======== Material provided ========
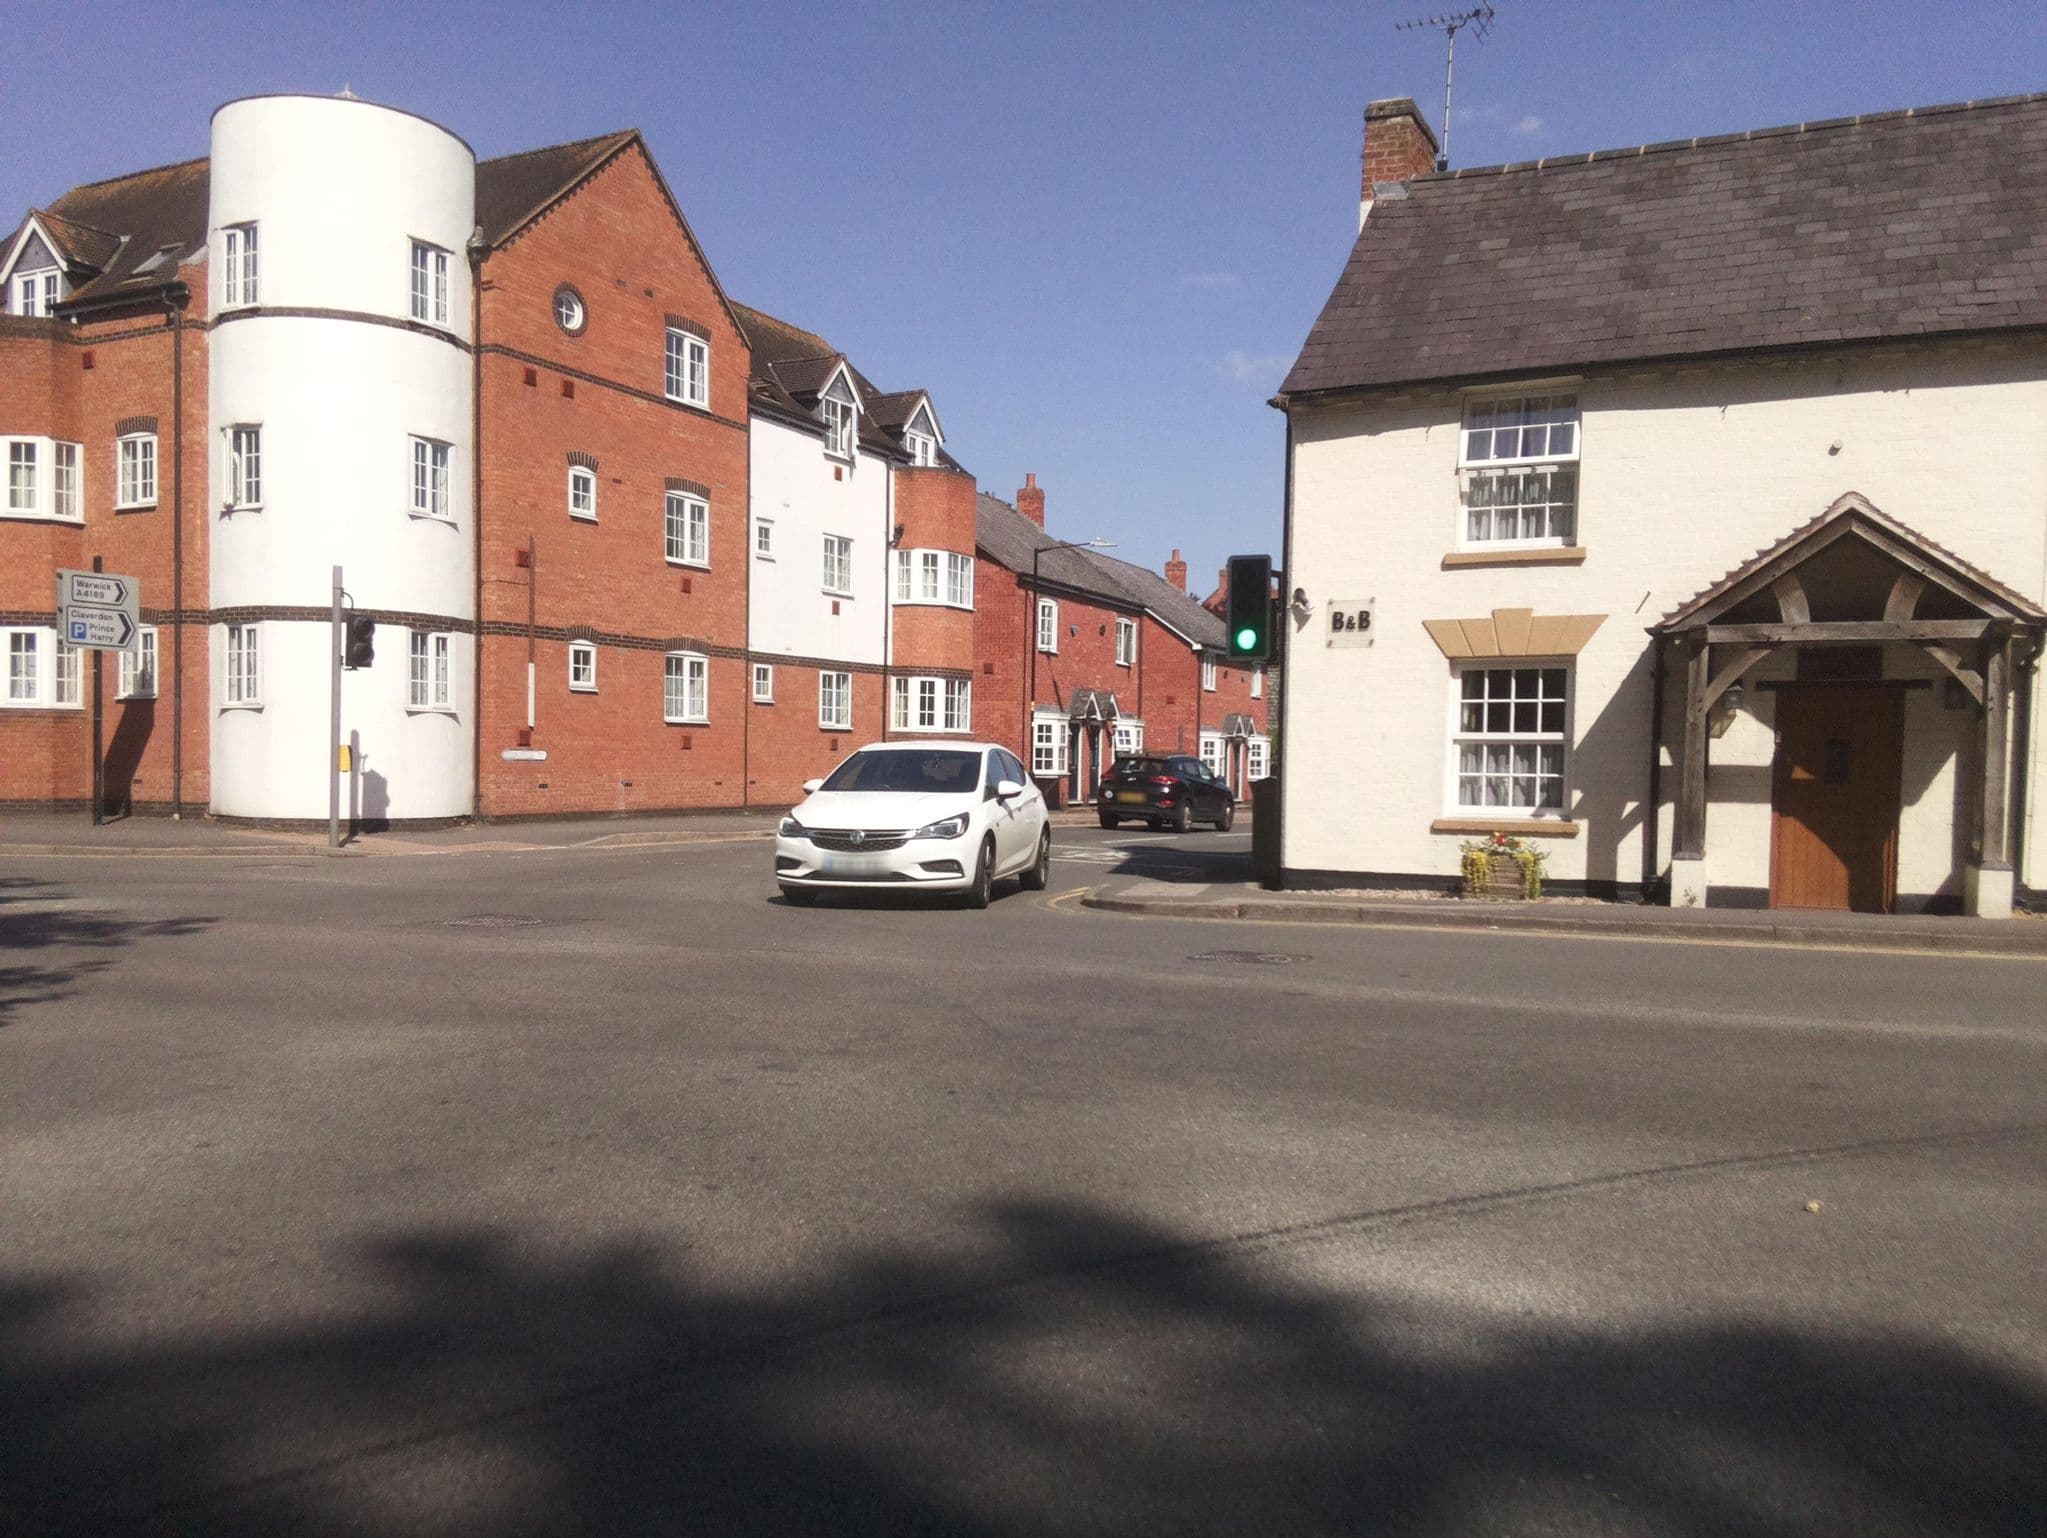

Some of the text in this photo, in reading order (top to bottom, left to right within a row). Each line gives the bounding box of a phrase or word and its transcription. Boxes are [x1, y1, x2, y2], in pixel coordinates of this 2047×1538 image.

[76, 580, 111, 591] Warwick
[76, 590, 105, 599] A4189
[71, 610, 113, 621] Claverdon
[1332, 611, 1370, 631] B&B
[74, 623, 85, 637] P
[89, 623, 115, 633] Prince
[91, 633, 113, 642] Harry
========
| Problem description |
From the first line to the last, write out the data exactly, dropping any pictures.

| Written response |
Some of the text in this photo, in reading order (top to bottom, left to right within a row). Each line gives the bounding box of a phrase or word and its transcription. Boxes are [x1, y1, x2, y2], in pixel coordinates of this 2047×1538 image.

[76, 580, 111, 591] Warwick
[76, 590, 105, 599] A4189
[71, 610, 113, 621] Claverdon
[1332, 611, 1370, 631] B&B
[74, 623, 85, 637] P
[89, 623, 115, 633] Prince
[91, 633, 113, 642] Harry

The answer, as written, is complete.